Las formas del desarrollo urbano
En origen, la villa de Medina del Campo se asentó sobre el cerro de la Mota. Al menos, en ese espacio se sitúa su primera muralla, que se debió elevar bien avanzado el siglo XII. La muestra más expresiva del desarrollo que la villa había alcanzado en este momento es la exis tencia de 11 parroquias al menos, cuya cartografía depara una sorpresa: solo 1 se localiza dentro de ese recinto, 9 se diseminan por el amplio espacio que alcanzó a englobar en el siglo XVI la última de las cercas, y la otra se mantuvo siempre extramuros. Esta circunstancia debe relacionarse con un cierto modelo de crecimiento, que atiende a dos hechos paralelos: una acrópolis fortificada en altura y un semillero de núcleos de poblamiento a su alrededor, distribuido de forma muy laxa. La proliferación de tales núcleos puede asociarse con el asentamiento de sucesivos grupos dotados de cierta solidaridad por su procedencia, y se realizó según las condiciones de un terreno donde el curso divagante del Zapardiel representaba un peligro potencial. Cada uno de ellos se organizaba en torno a su iglesia parroquial y a sus alcaldes, y la articulación del conjunto fue problemática.

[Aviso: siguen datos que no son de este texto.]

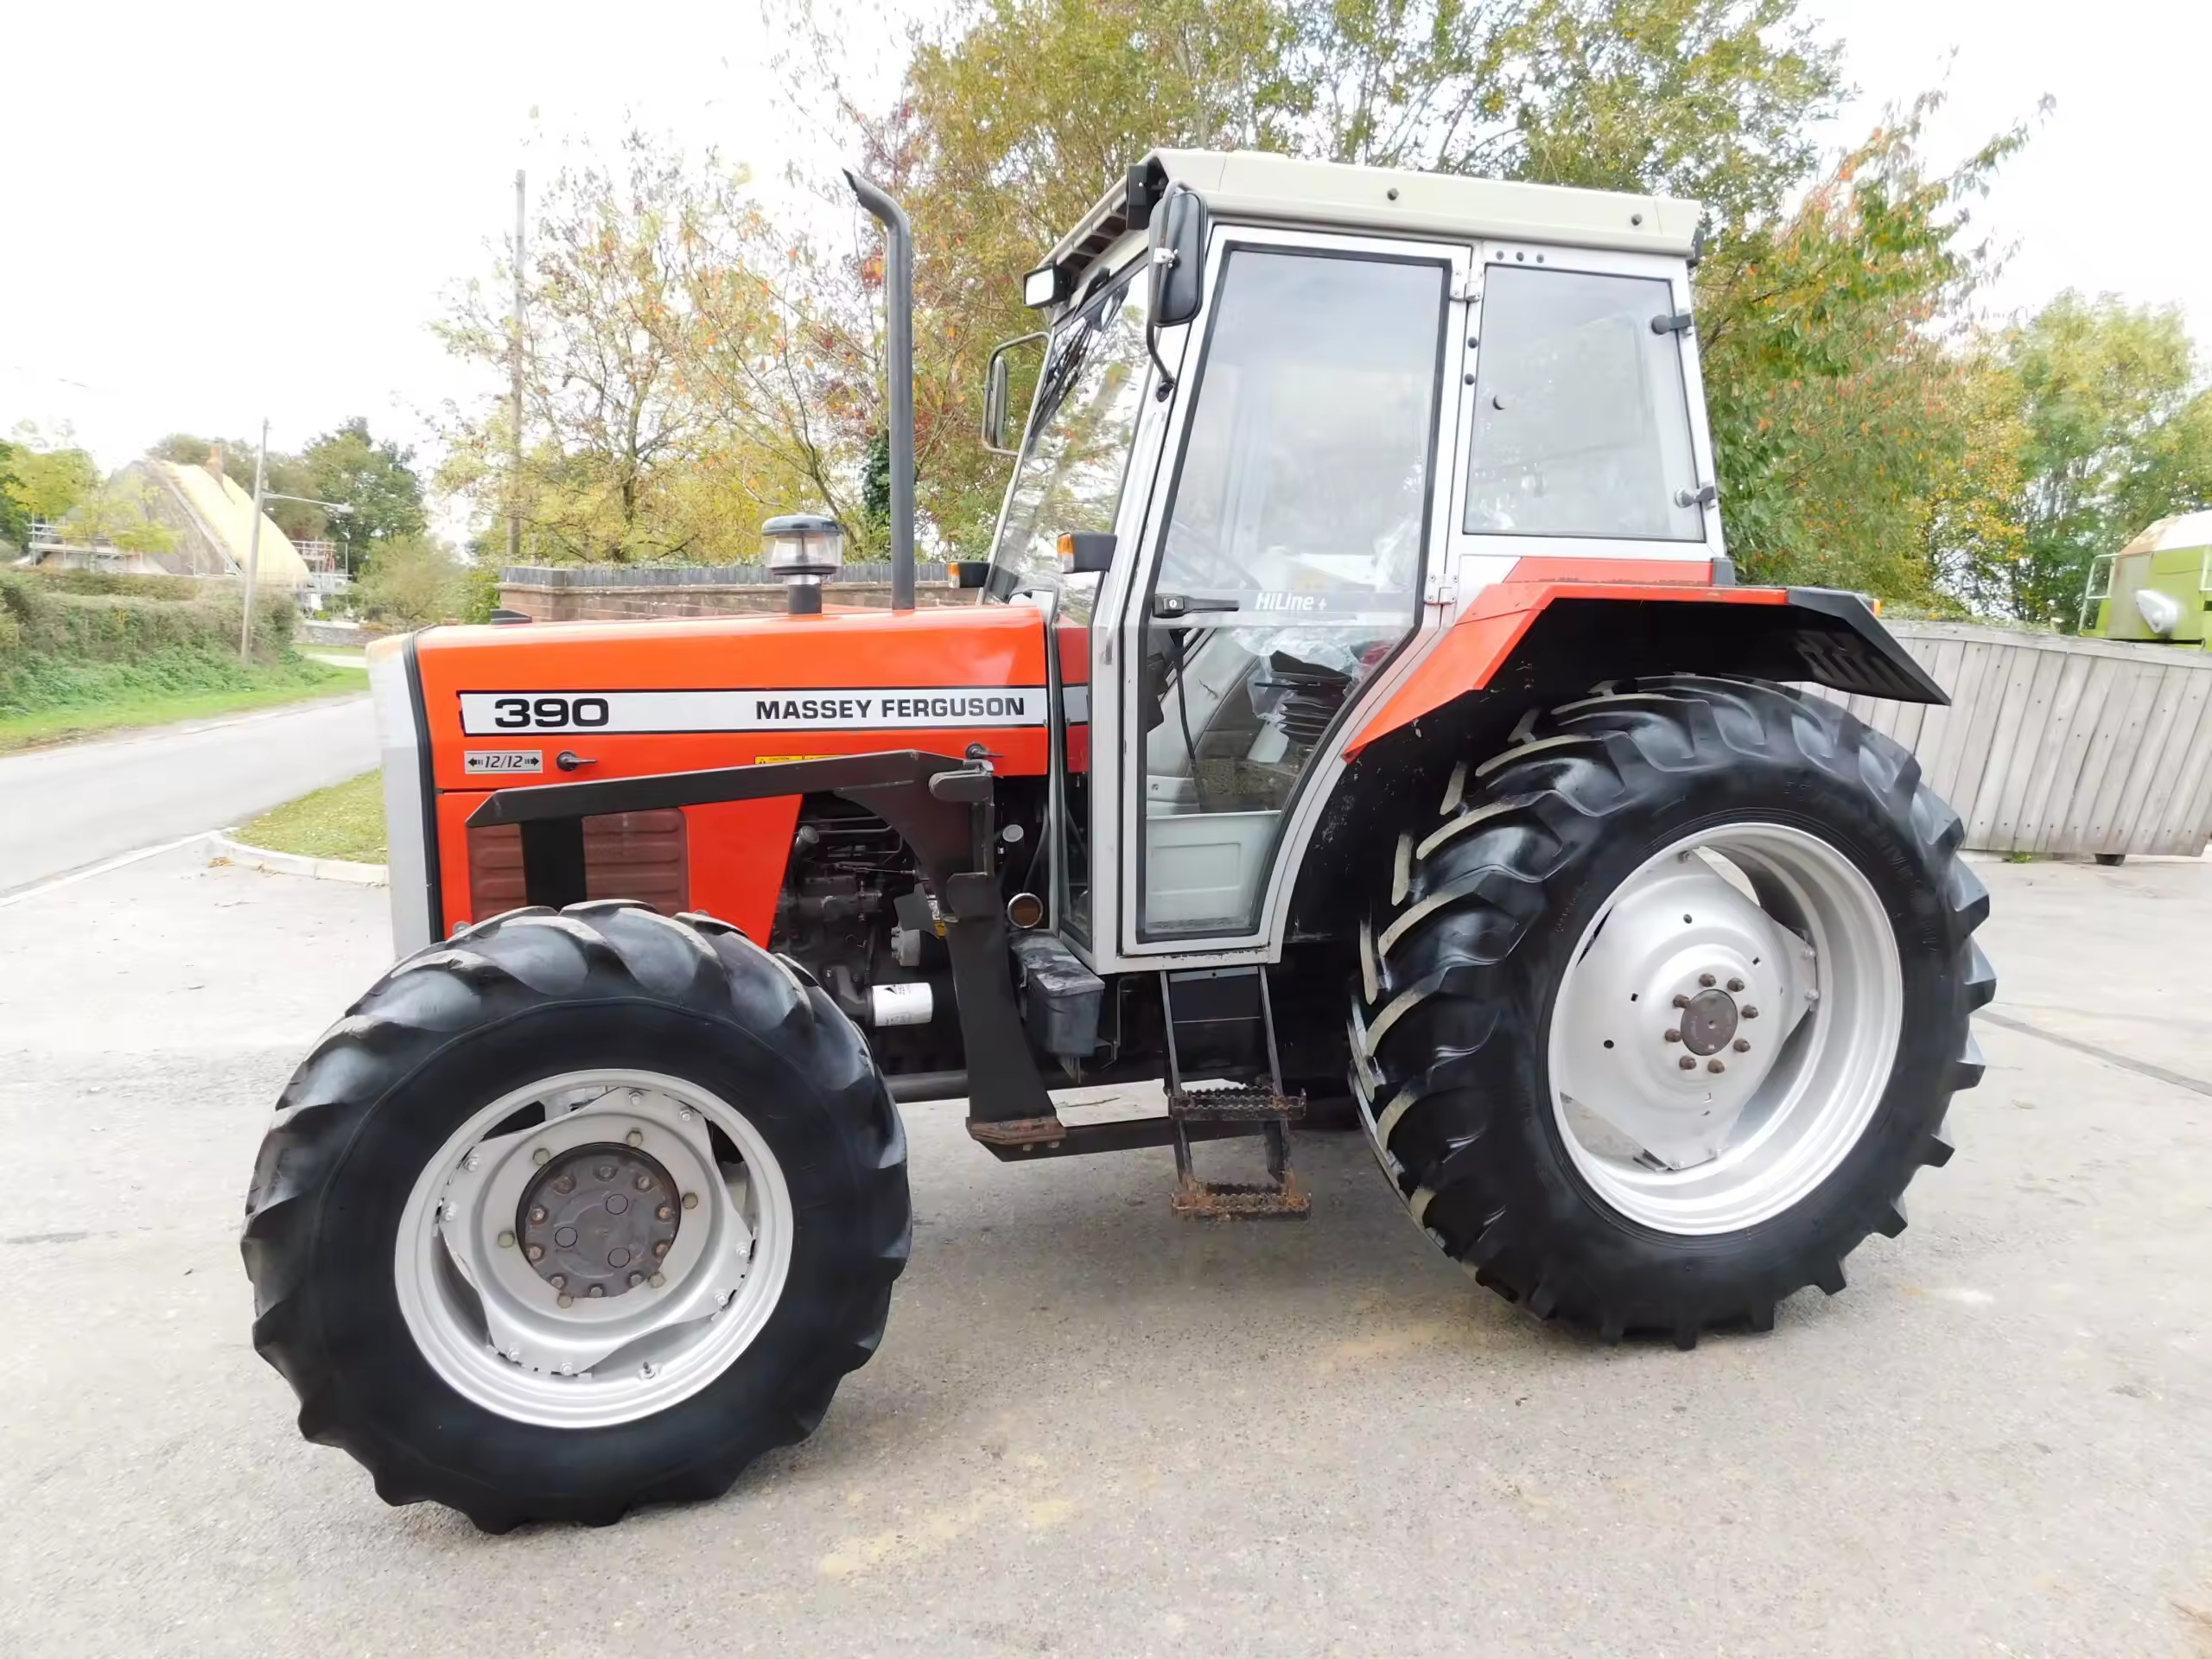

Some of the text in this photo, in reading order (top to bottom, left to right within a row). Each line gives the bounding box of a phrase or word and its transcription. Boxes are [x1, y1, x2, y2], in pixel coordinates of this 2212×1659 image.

[494, 698, 609, 728] 390
[756, 697, 1025, 720] MASSEY FERGUSON
[485, 754, 524, 768] 12/12

En definitiva, esta es la imagen con que describía el geógrafo árabe al-Idrisí otras ciudades meseteñas a mediados del siglo XII, cuya estructura las hacía semejantes a conjuntos de aldeas. Una imagen muy diferente se refleja en la villa de Aguilar de Campos. Su plano conserva el aspecto de damero que debió diseñarse hacia 1181, con vistas a la lotificación del espacio entre los pobladores a partir de un solar-tipo. La orientación Este-Oeste del conjunto, por otra parte, viene determina da por la norma sacra, esto es, por la orientación de sus iglesias, que también han generado sendas plazas. Tal tipo de planificación es común a otras de las villas vallisoleta nas; muy visible en Tordehumos y Peñaflor de Hornija, también ha sido apreciado en Urueña.
Estas consideraciones encuadran un panorama de cierta complejidad. En primer lugar, la toponimia y la arqueología se combinan para mostrar cómo una serie de villas nuevas se desarrollaron en las cercanías de castros, de núcleos de hábitat fortificado que tenían orígenes muy antiguos y fueron reocupados en la Alta Edad Media. Es decir, el proceso de incastellamento altomedieval fue sucedido por el inurbamento de los siglos XII y XIII, como en tantas otras áreas del continente. Desde este punto de vista, el desarrollo ortogonal de las villas de Aguilar de Campos y Tordehumos bajo sendos recintos anteriores ofrece dos expresivas muestras de tal evolución. Hay que añadir, no obstante, que la regularidad ofrece distintos modelos; en otros planos se presenta articulada por tres calles y de aspecto elíptico, como se hace evidente en Montealegre o sugiere Tiedra. 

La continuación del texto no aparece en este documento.